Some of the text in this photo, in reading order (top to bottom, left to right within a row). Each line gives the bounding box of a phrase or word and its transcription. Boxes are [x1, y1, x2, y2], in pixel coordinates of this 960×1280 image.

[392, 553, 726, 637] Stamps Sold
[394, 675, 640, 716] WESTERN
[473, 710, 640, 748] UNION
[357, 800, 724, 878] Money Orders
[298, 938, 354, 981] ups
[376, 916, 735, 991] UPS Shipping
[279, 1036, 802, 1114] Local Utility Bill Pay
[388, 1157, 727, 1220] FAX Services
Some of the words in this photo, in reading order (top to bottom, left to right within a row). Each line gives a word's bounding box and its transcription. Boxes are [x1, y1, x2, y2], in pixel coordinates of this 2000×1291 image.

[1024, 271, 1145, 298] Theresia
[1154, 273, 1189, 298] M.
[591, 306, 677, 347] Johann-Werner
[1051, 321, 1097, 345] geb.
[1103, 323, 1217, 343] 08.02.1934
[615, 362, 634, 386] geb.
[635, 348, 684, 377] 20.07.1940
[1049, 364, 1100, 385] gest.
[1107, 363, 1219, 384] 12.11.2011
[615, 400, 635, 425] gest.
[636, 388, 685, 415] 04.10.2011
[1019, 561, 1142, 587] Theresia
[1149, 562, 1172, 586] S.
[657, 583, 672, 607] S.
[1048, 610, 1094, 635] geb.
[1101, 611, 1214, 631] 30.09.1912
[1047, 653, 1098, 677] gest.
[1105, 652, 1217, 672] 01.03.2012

— BRIEF —
Write all the records out again. Nothing may differ from the original.

— TASK OUTPUT —
Some of the text in this photo, in reading order (top to bottom, left to right within a row). Each line gives the bounding box of a phrase or word and its transcription. Boxes are [x1, y1, x2, y2], in pixel coordinates of this 960×1280 image.

[392, 553, 726, 637] Stamps Sold
[394, 675, 640, 716] WESTERN
[473, 710, 640, 748] UNION
[357, 800, 724, 878] Money Orders
[298, 938, 354, 981] ups
[376, 916, 735, 991] UPS Shipping
[279, 1036, 802, 1114] Local Utility Bill Pay
[388, 1157, 727, 1220] FAX Services
Some of the words in this photo, in reading order (top to bottom, left to right within a row). Each line gives a word's bounding box and its transcription. Boxes are [x1, y1, x2, y2], in pixel coordinates of this 2000×1291 image.

[1024, 271, 1145, 298] Theresia
[1154, 273, 1189, 298] M.
[591, 306, 677, 347] Johann-Werner
[1051, 321, 1097, 345] geb.
[1103, 323, 1217, 343] 08.02.1934
[615, 362, 634, 386] geb.
[635, 348, 684, 377] 20.07.1940
[1049, 364, 1100, 385] gest.
[1107, 363, 1219, 384] 12.11.2011
[615, 400, 635, 425] gest.
[636, 388, 685, 415] 04.10.2011
[1019, 561, 1142, 587] Theresia
[1149, 562, 1172, 586] S.
[657, 583, 672, 607] S.
[1048, 610, 1094, 635] geb.
[1101, 611, 1214, 631] 30.09.1912
[1047, 653, 1098, 677] gest.
[1105, 652, 1217, 672] 01.03.2012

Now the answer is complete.